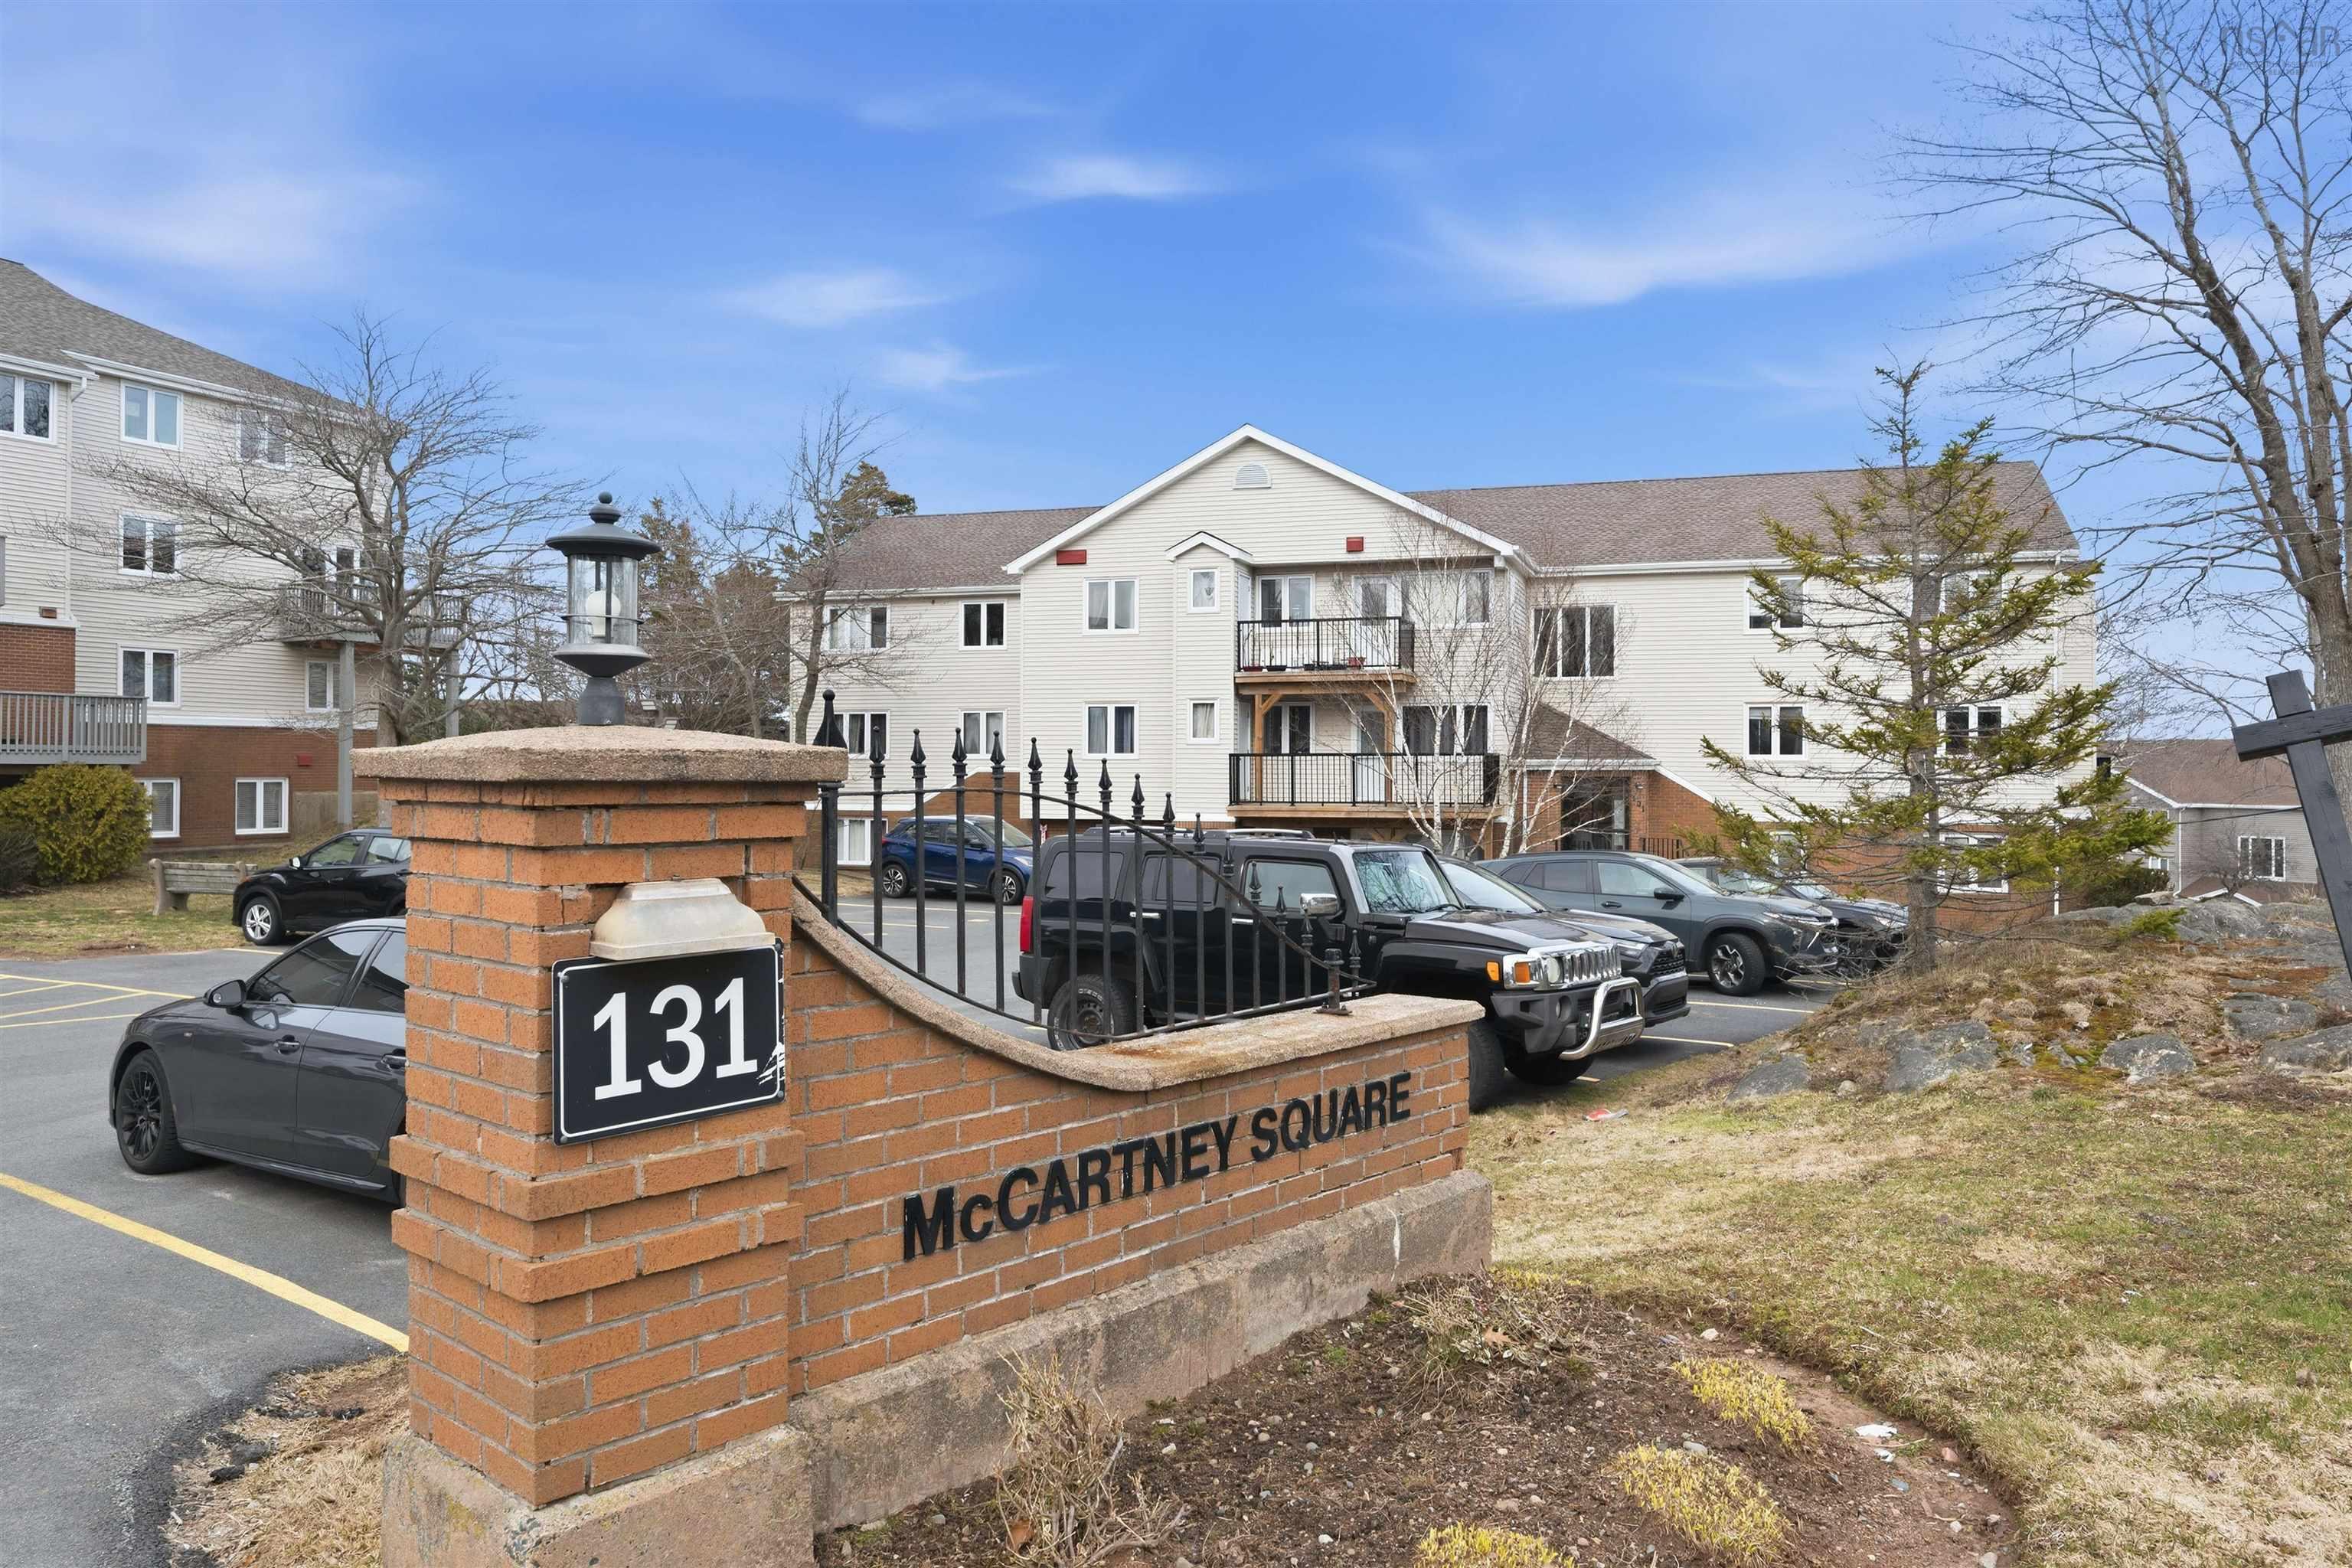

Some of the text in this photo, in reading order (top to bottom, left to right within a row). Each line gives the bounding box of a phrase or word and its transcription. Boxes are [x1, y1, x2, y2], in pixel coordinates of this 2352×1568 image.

[593, 977, 758, 1100] 131
[903, 1071, 1412, 1261] McCARTNEY SQUARE
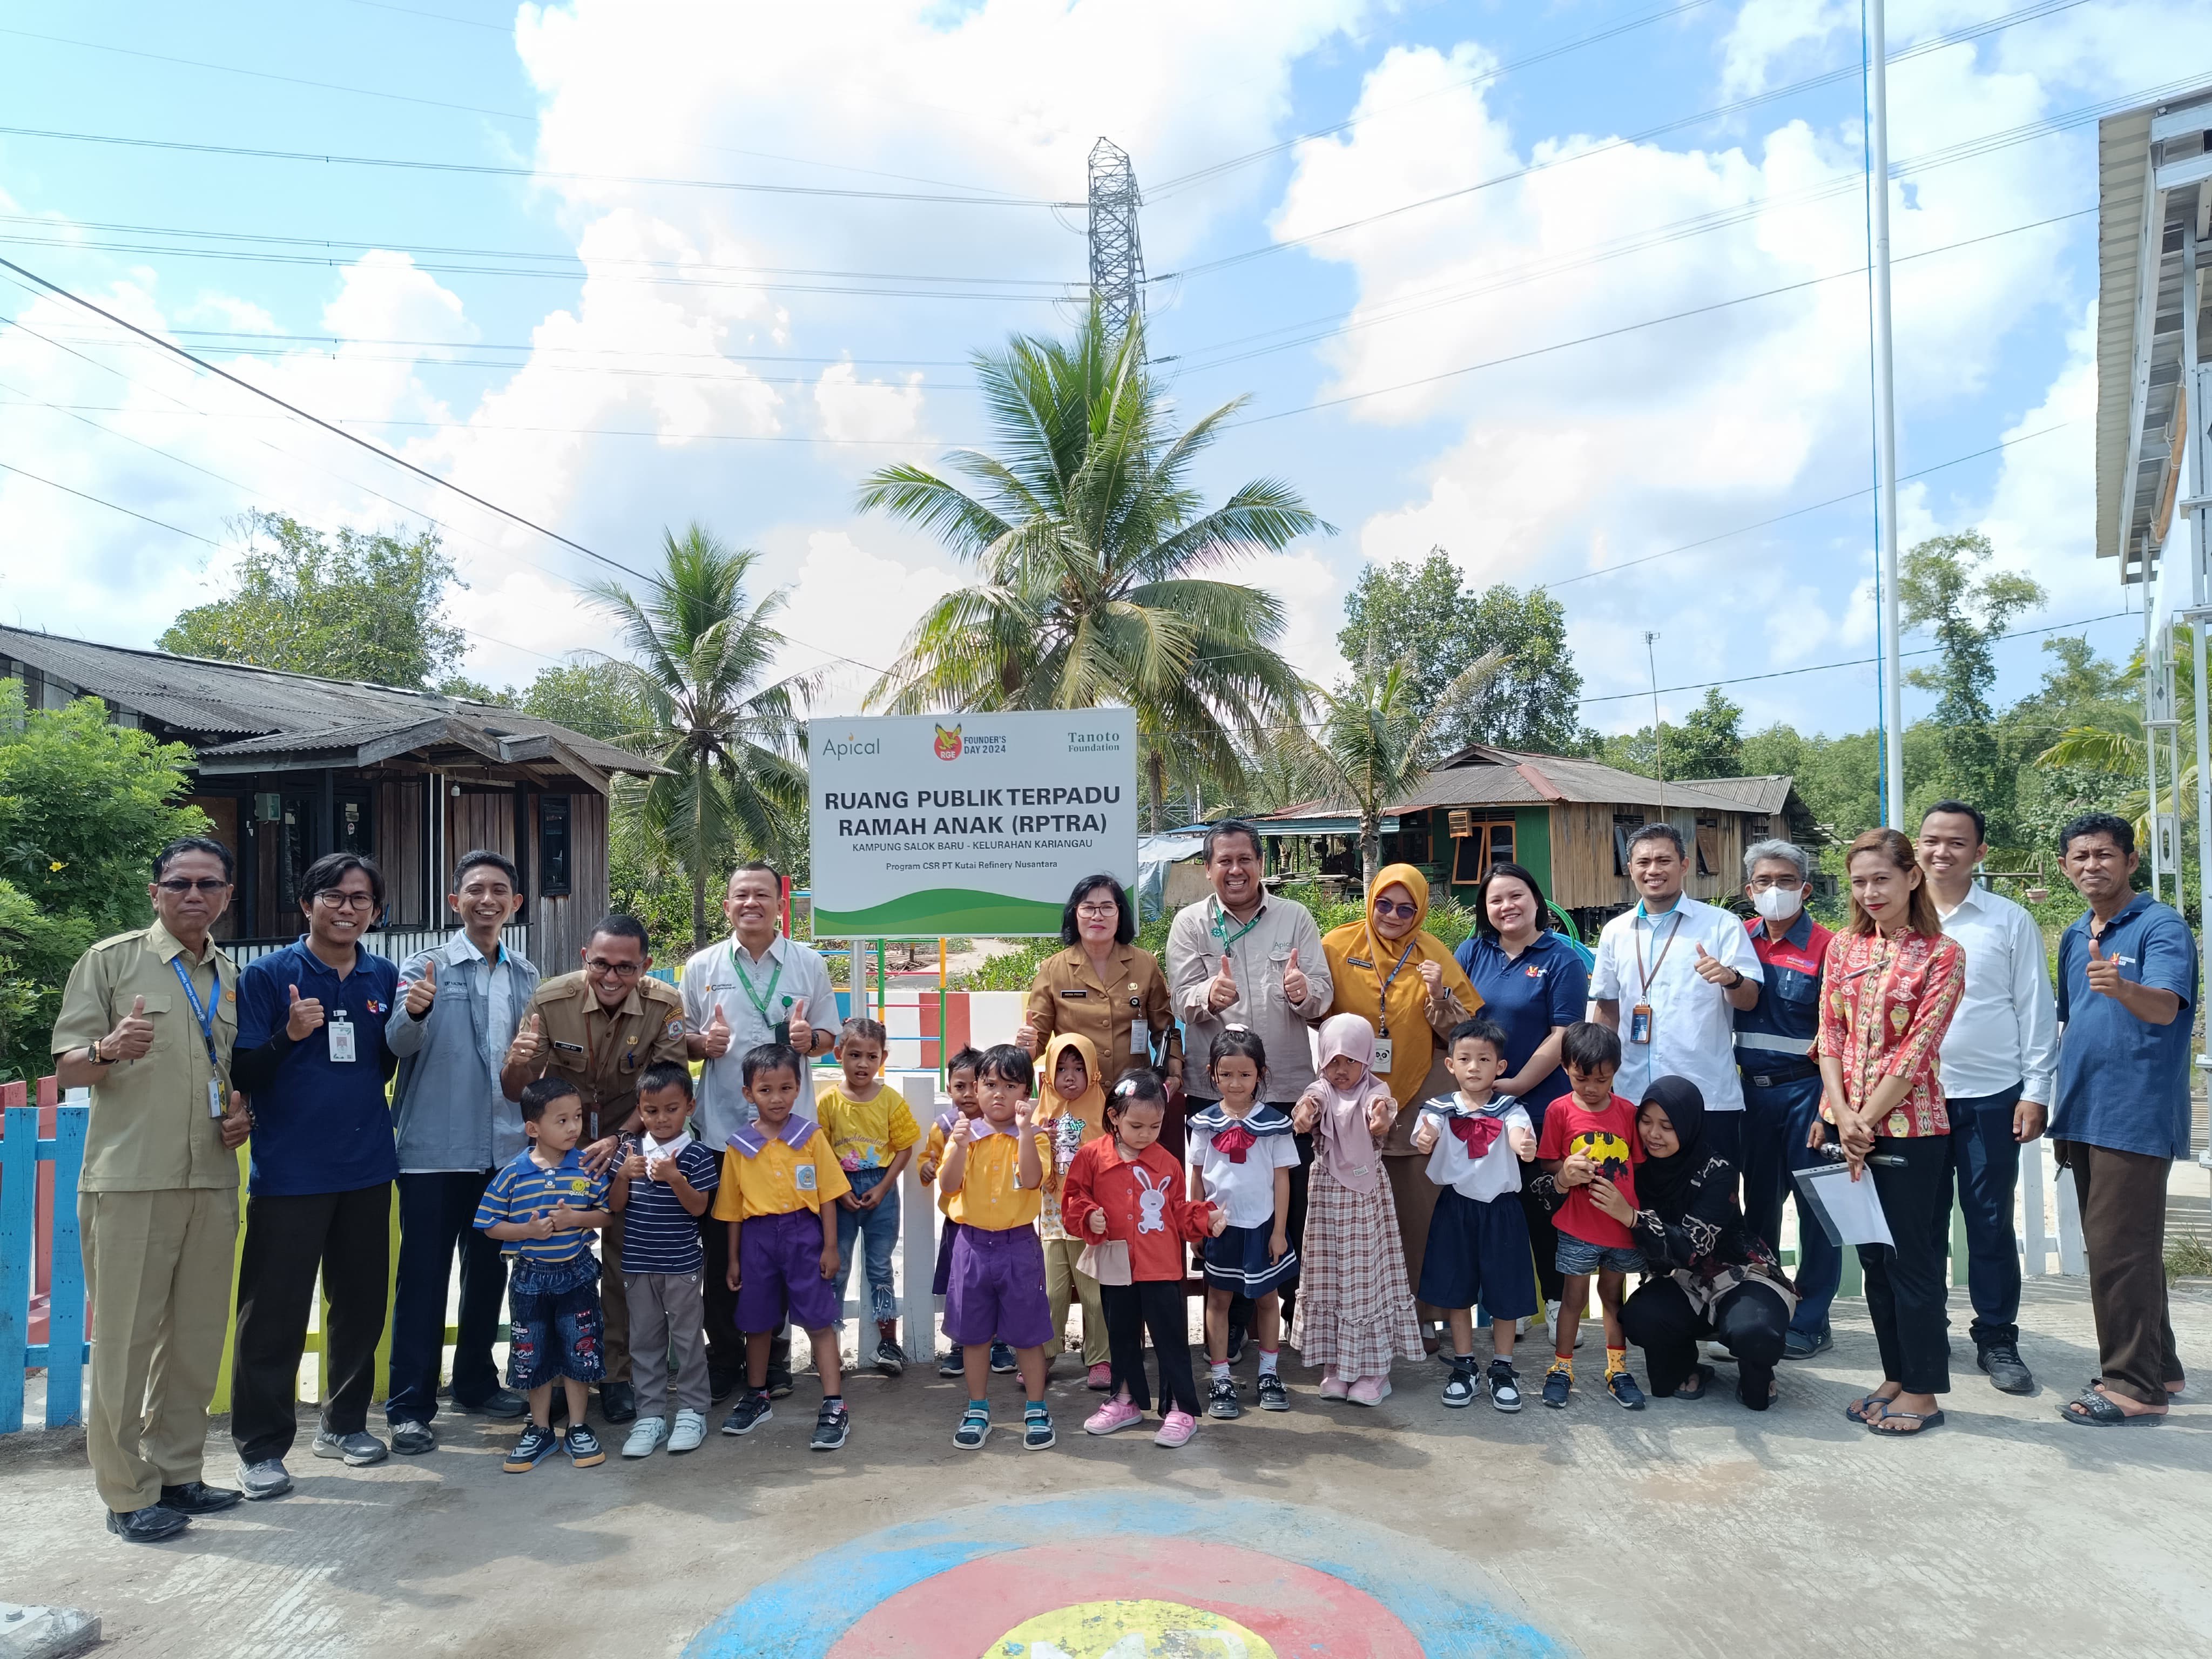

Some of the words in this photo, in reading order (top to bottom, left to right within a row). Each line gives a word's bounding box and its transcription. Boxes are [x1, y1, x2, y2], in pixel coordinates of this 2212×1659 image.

[964, 736, 1007, 744] FOUNDER'S
[1068, 732, 1120, 743] Tanoto
[822, 735, 880, 760] Apical
[964, 745, 981, 754] DAY
[982, 745, 1006, 753] 2024
[1068, 743, 1120, 752] Foundation
[825, 791, 908, 810] RUANG
[918, 790, 1003, 808] PUBLIK
[1007, 786, 1120, 806] TERPADU
[839, 818, 926, 837] RAMAH
[933, 817, 1004, 834] ANAK
[1012, 813, 1107, 835] (RPTRA)
[853, 842, 901, 852] KAMPUNG
[903, 842, 935, 851] SALOK
[938, 841, 964, 850] BARU
[973, 840, 1031, 849] KELURAHAN
[1034, 839, 1092, 848] KARIANGAU
[886, 862, 921, 872] Program
[942, 861, 953, 869] PT
[979, 861, 1013, 870] Refinery
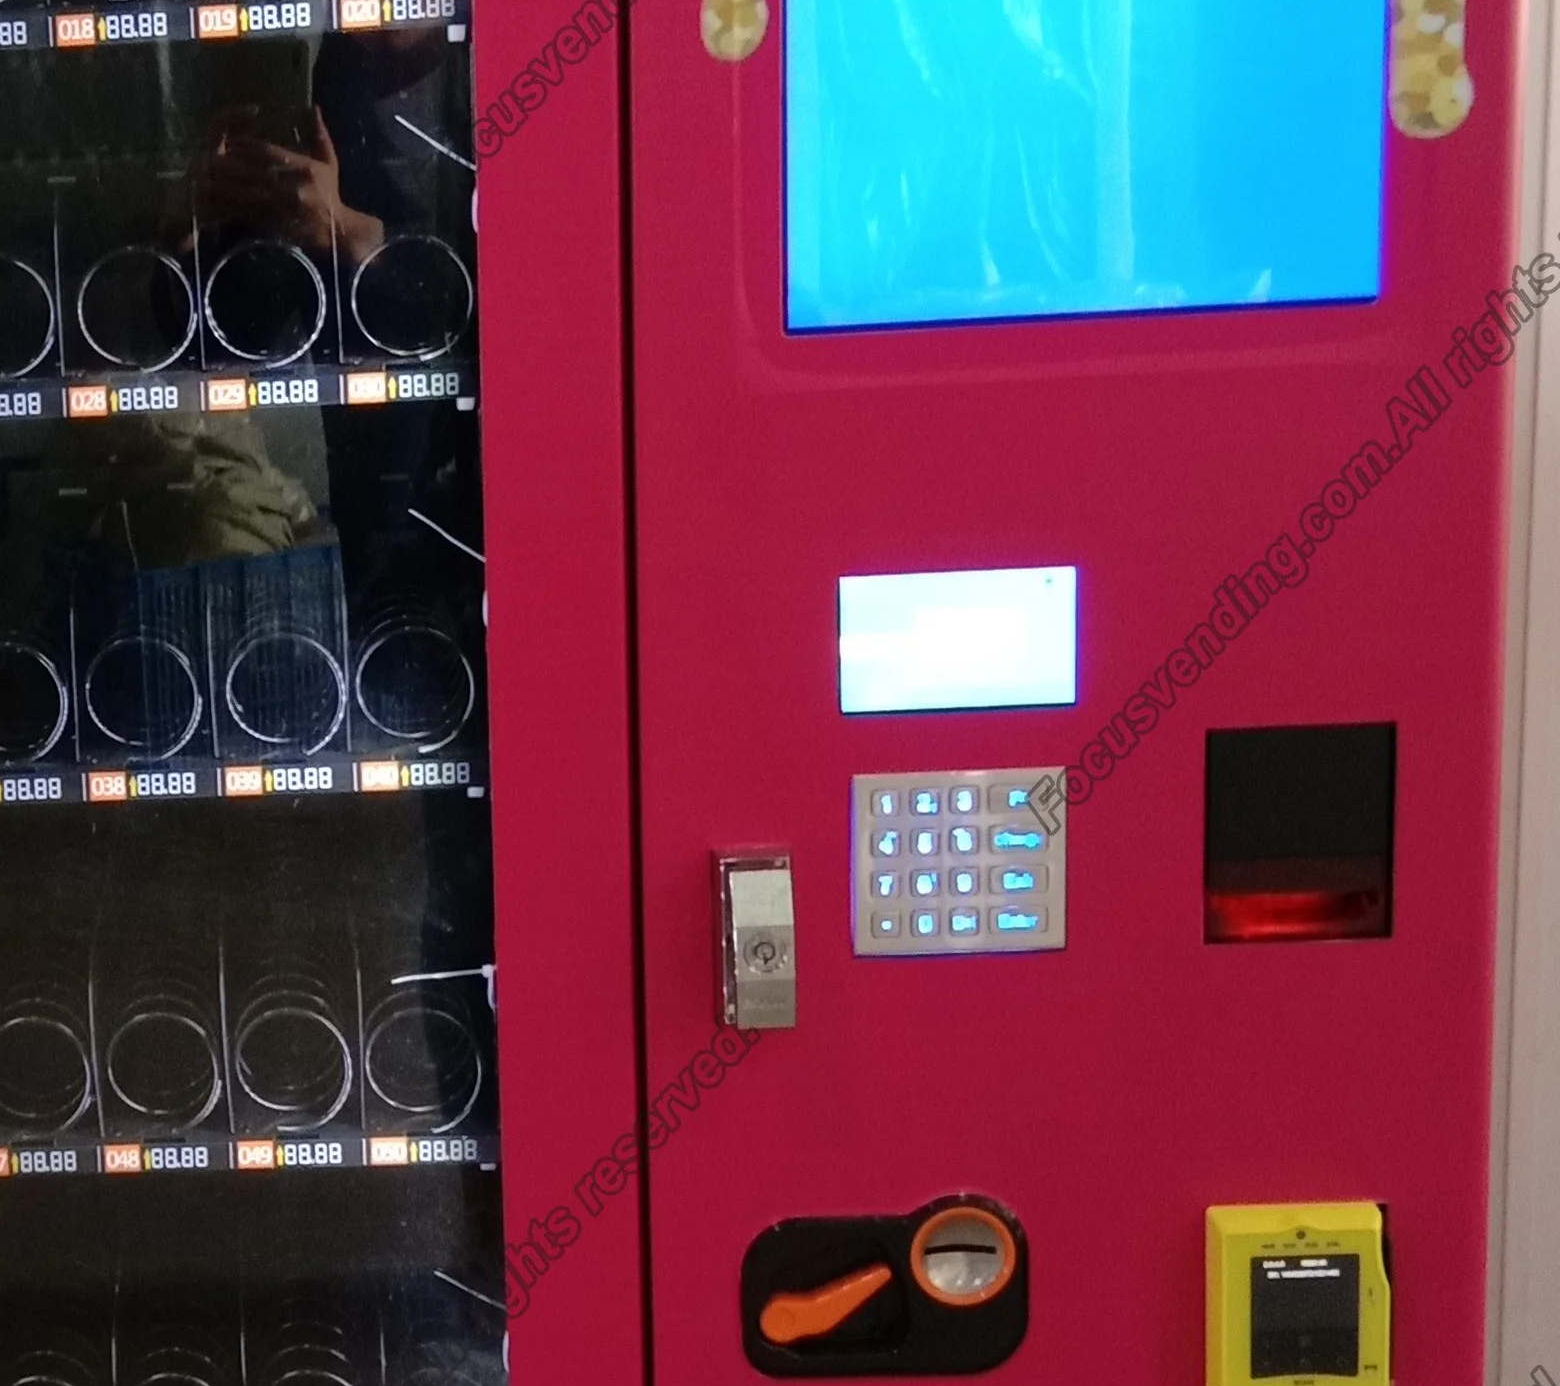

____

What needs to be done :: For each line above, output its wording exactly and leave out any picture.

Answer to the exercise ::
Some of the text in this photo, in reading order (top to bottom, left to right within a row). Each line gives the bounding box of a phrase or word and its transcription. Boxes are [x1, y1, x2, y2], in pixel coordinates of this 2352×1568 image.

[593, 977, 758, 1100] 131
[903, 1071, 1412, 1261] McCARTNEY SQUARE

Some of the words in this photo, in reading order (top to bottom, left to right within a row). Each line gives a word's bounding box and its transcription. Boxes are [x1, y1, x2, y2], in pixel coordinates of this 2212×1659 image.

[964, 736, 1007, 744] FOUNDER'S
[1068, 732, 1120, 743] Tanoto
[822, 735, 880, 760] Apical
[964, 745, 981, 754] DAY
[982, 745, 1006, 753] 2024
[1068, 743, 1120, 752] Foundation
[825, 791, 908, 810] RUANG
[918, 790, 1003, 808] PUBLIK
[1007, 786, 1120, 806] TERPADU
[839, 818, 926, 837] RAMAH
[933, 817, 1004, 834] ANAK
[1012, 813, 1107, 835] (RPTRA)
[853, 842, 901, 852] KAMPUNG
[903, 842, 935, 851] SALOK
[938, 841, 964, 850] BARU
[973, 840, 1031, 849] KELURAHAN
[1034, 839, 1092, 848] KARIANGAU
[886, 862, 921, 872] Program
[942, 861, 953, 869] PT
[979, 861, 1013, 870] Refinery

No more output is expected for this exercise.